§ **Exercise materials**
-----

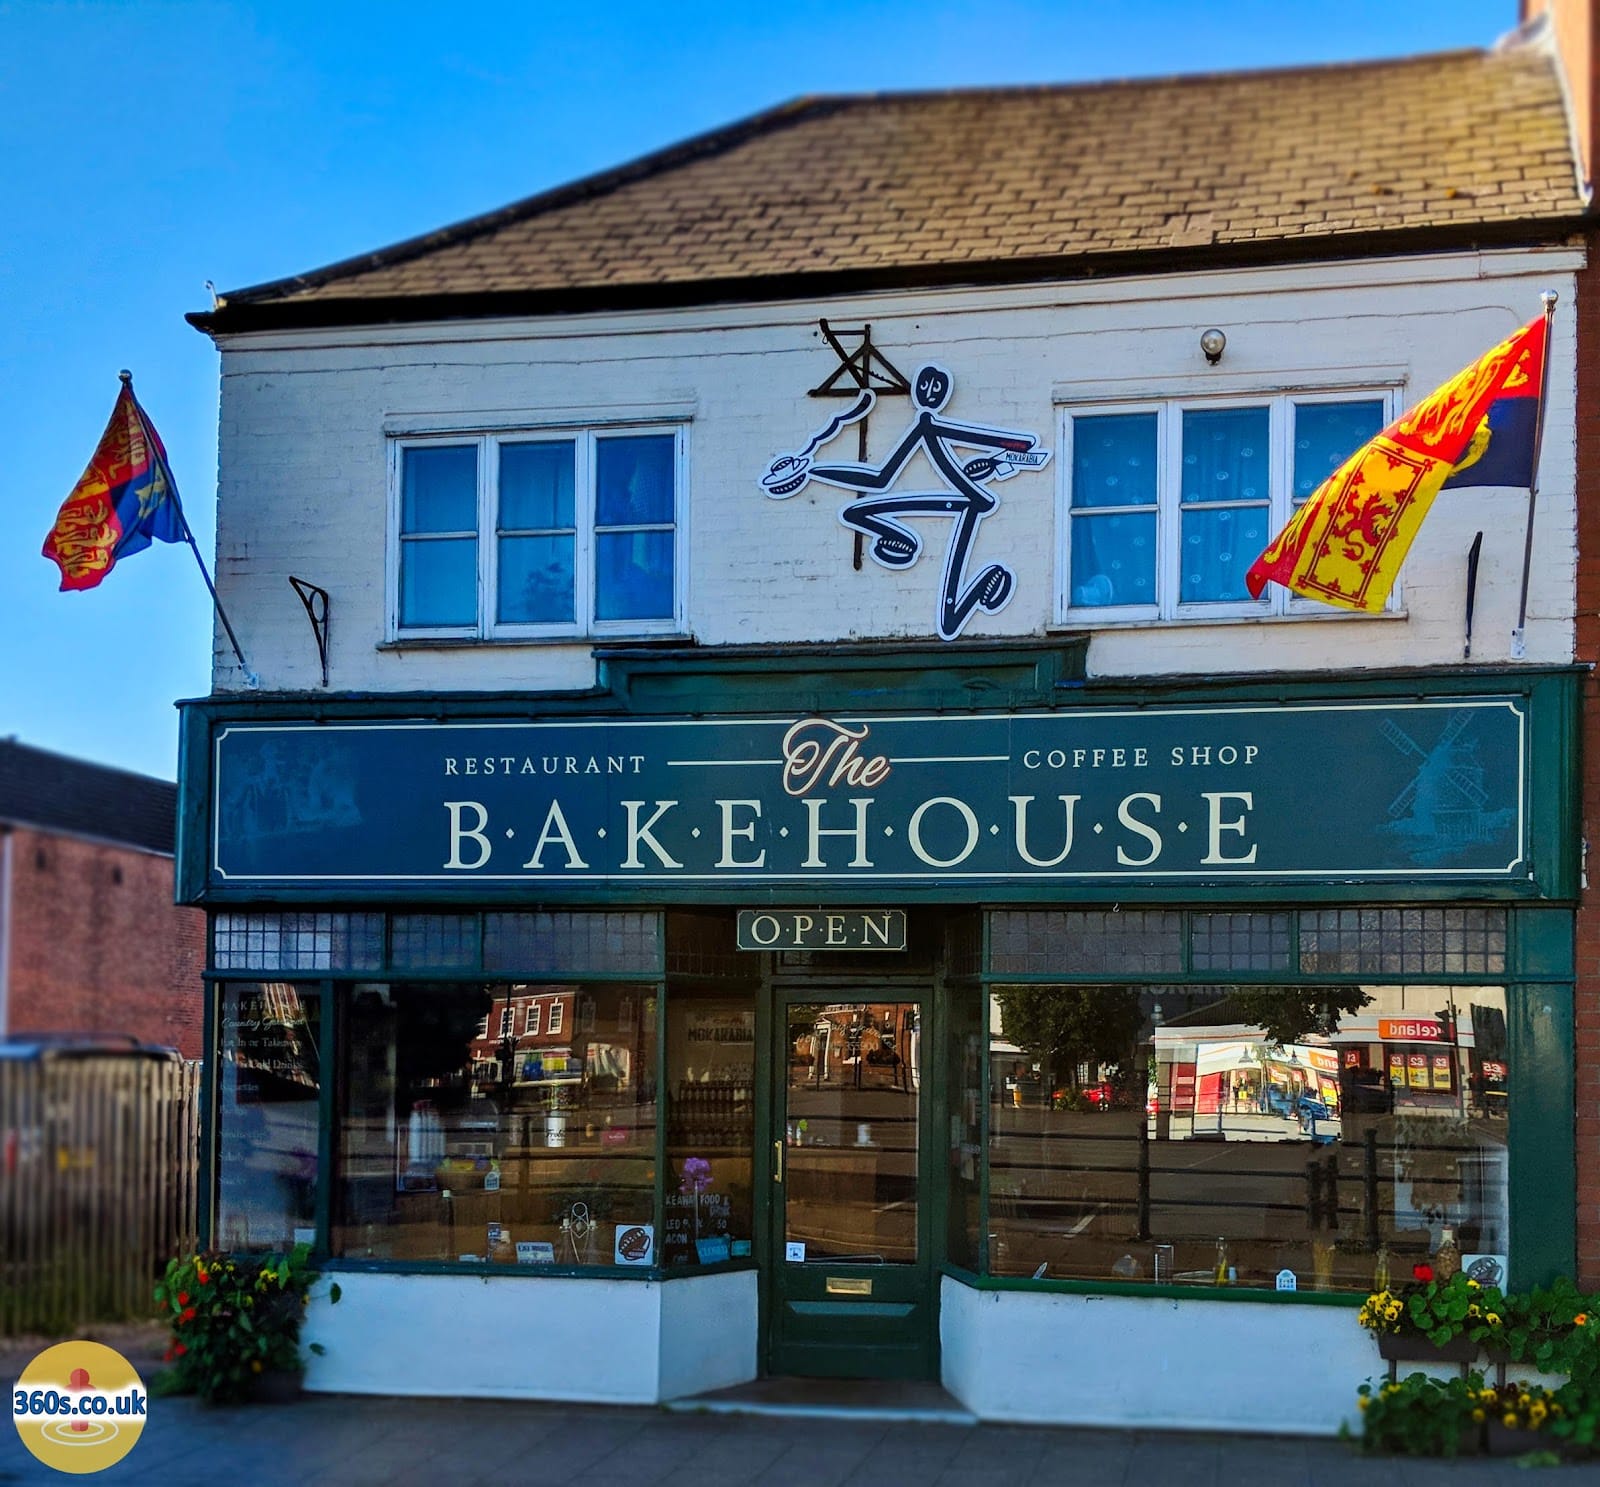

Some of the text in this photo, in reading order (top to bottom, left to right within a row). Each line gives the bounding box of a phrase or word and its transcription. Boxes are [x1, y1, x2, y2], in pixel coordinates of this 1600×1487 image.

[1005, 452, 1038, 464] MOKARABIA
[444, 755, 647, 776] RESTAURANT
[782, 718, 891, 796] The
[1023, 745, 1260, 769] COFFEE SHOP
[665, 1232, 688, 1245] ACON
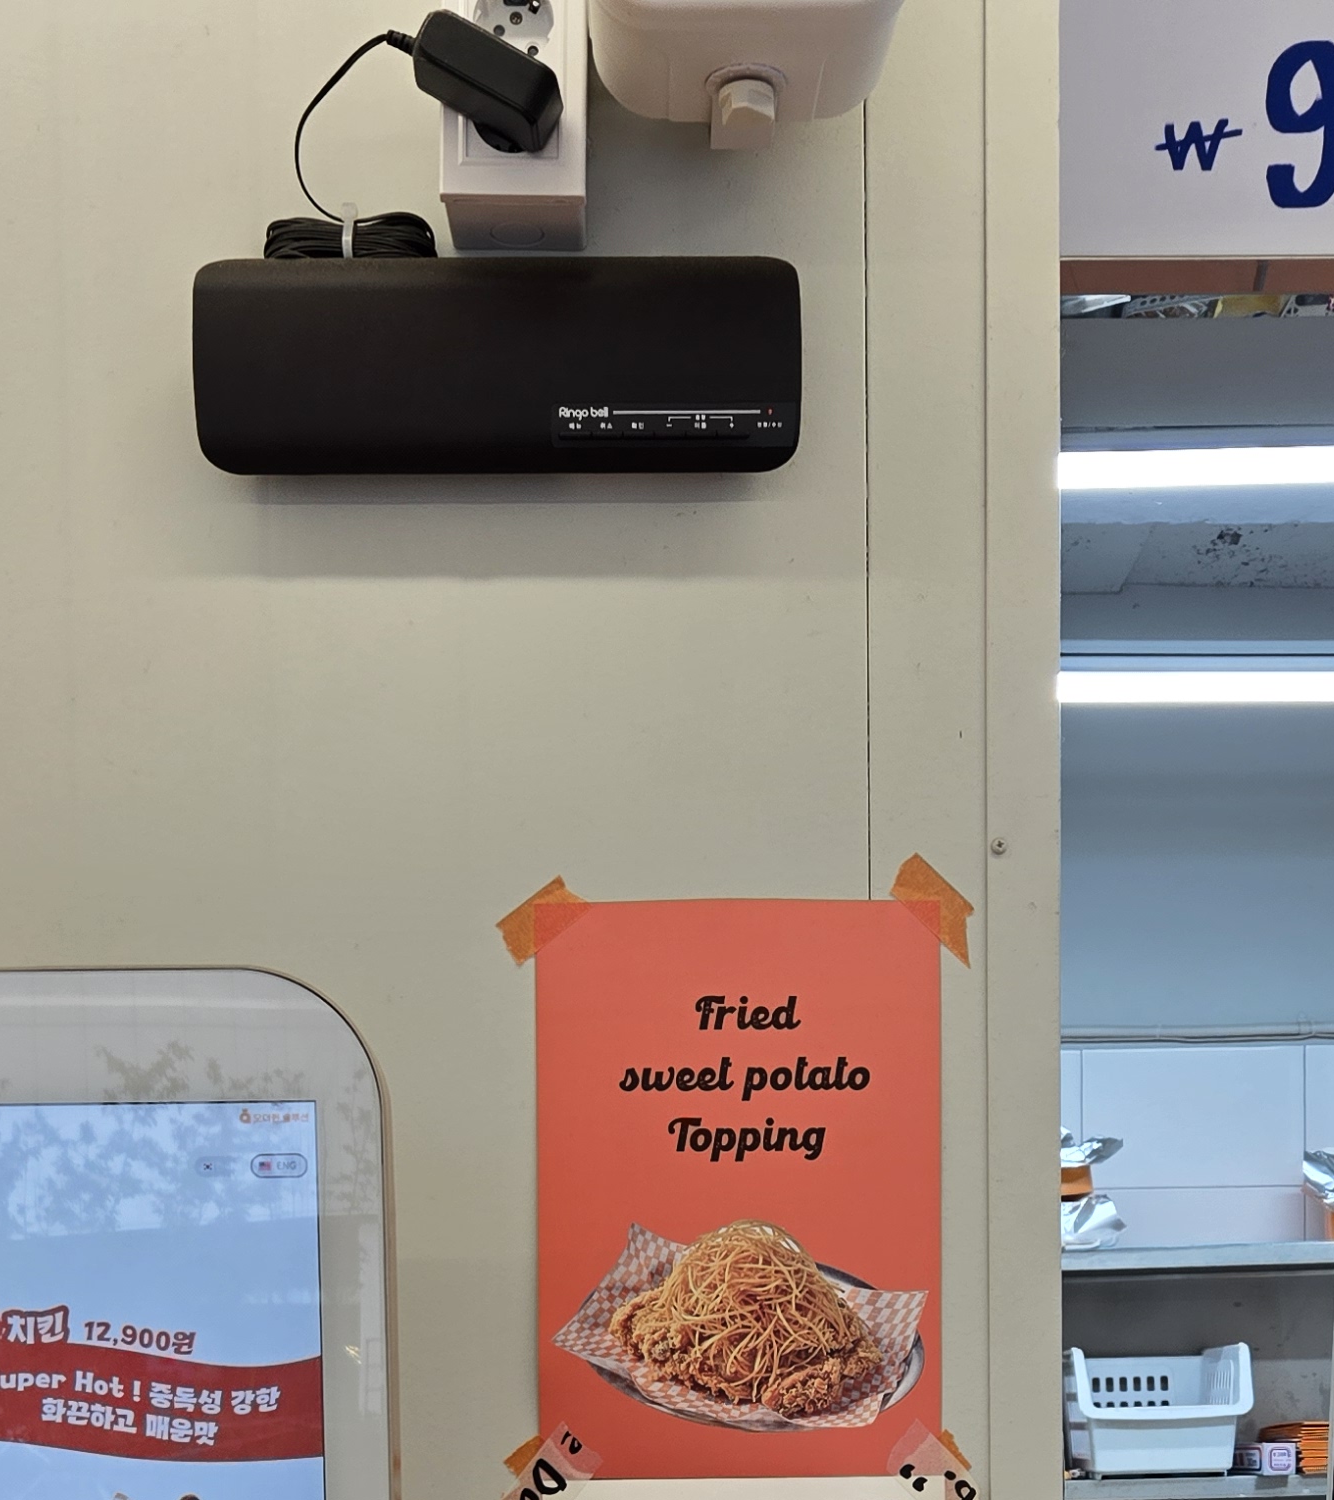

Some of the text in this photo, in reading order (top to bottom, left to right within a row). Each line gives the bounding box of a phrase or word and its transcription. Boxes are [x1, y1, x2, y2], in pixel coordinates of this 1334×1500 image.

[695, 995, 801, 1031] Fried
[619, 1056, 870, 1101] sweet potato
[668, 1117, 826, 1162] Topping
[277, 1161, 297, 1170] ENG
[7, 1311, 65, 1345] 치킨
[84, 1321, 196, 1355] 12,900원
[75, 1372, 124, 1397] Hot
[149, 1384, 222, 1414] 중독성
[231, 1387, 280, 1414] 강한
[41, 1398, 218, 1446] 화끈하고 매운맛
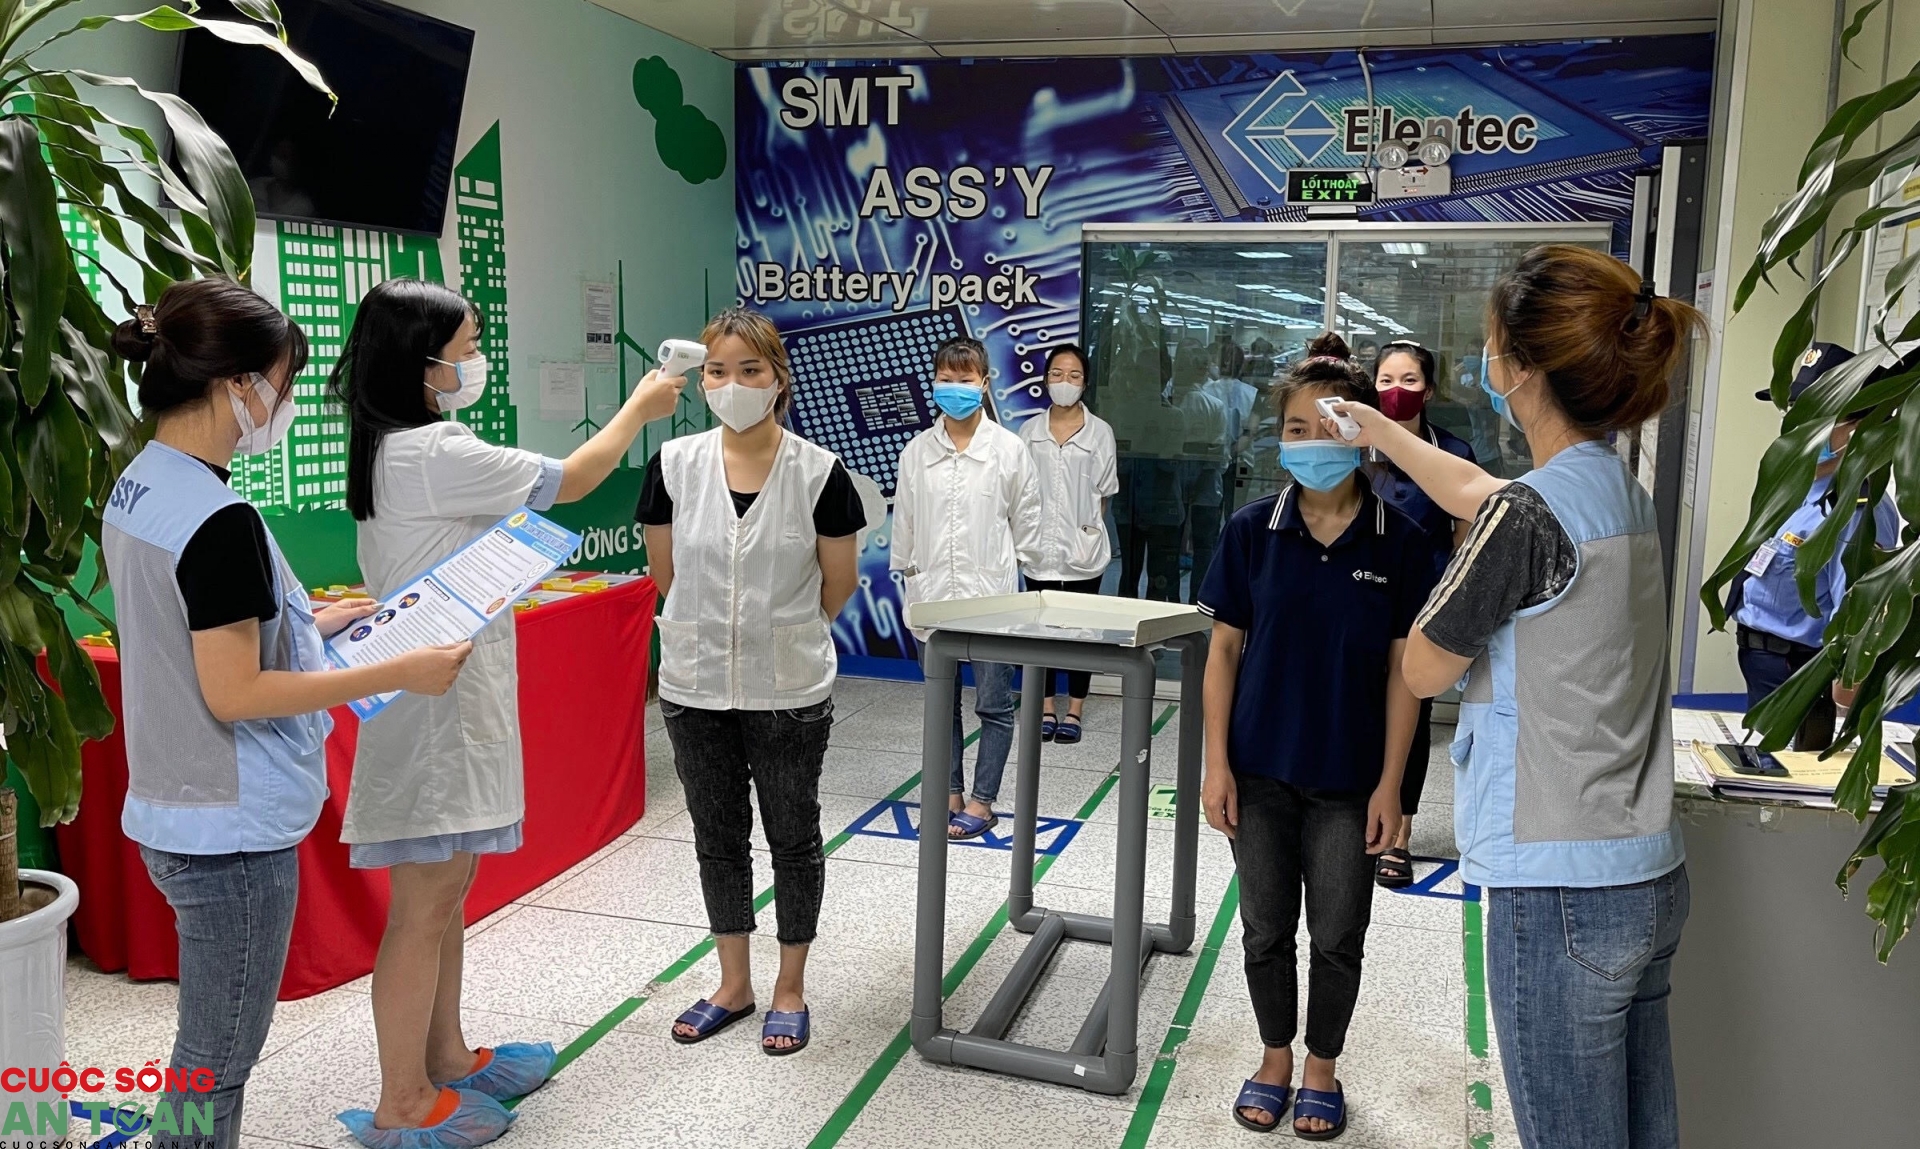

-----

§ **Assignment**
Every word of the data should be reproduced exactly; please omit any pictures.

§ **Result for this task**
Some of the text in this photo, in reading order (top to bottom, left to right within a row). Each line gives the bounding box of a phrase or word and its transcription. Boxes are [x1, y1, x2, y2], in pixel coordinates of this 1600×1487 image.

[1005, 452, 1038, 464] MOKARABIA
[444, 755, 647, 776] RESTAURANT
[782, 718, 891, 796] The
[1023, 745, 1260, 769] COFFEE SHOP
[665, 1232, 688, 1245] ACON

Some of the text in this photo, in reading order (top to bottom, left to right within a row). Each line gives the bounding box of a phrase or word and its transcription. Boxes are [x1, y1, x2, y2], in pixel coordinates of this 1334×1500 image.

[695, 995, 801, 1031] Fried
[619, 1056, 870, 1101] sweet potato
[668, 1117, 826, 1162] Topping
[277, 1161, 297, 1170] ENG
[7, 1311, 65, 1345] 치킨
[84, 1321, 196, 1355] 12,900원
[75, 1372, 124, 1397] Hot
[149, 1384, 222, 1414] 중독성
[231, 1387, 280, 1414] 강한
[41, 1398, 218, 1446] 화끈하고 매운맛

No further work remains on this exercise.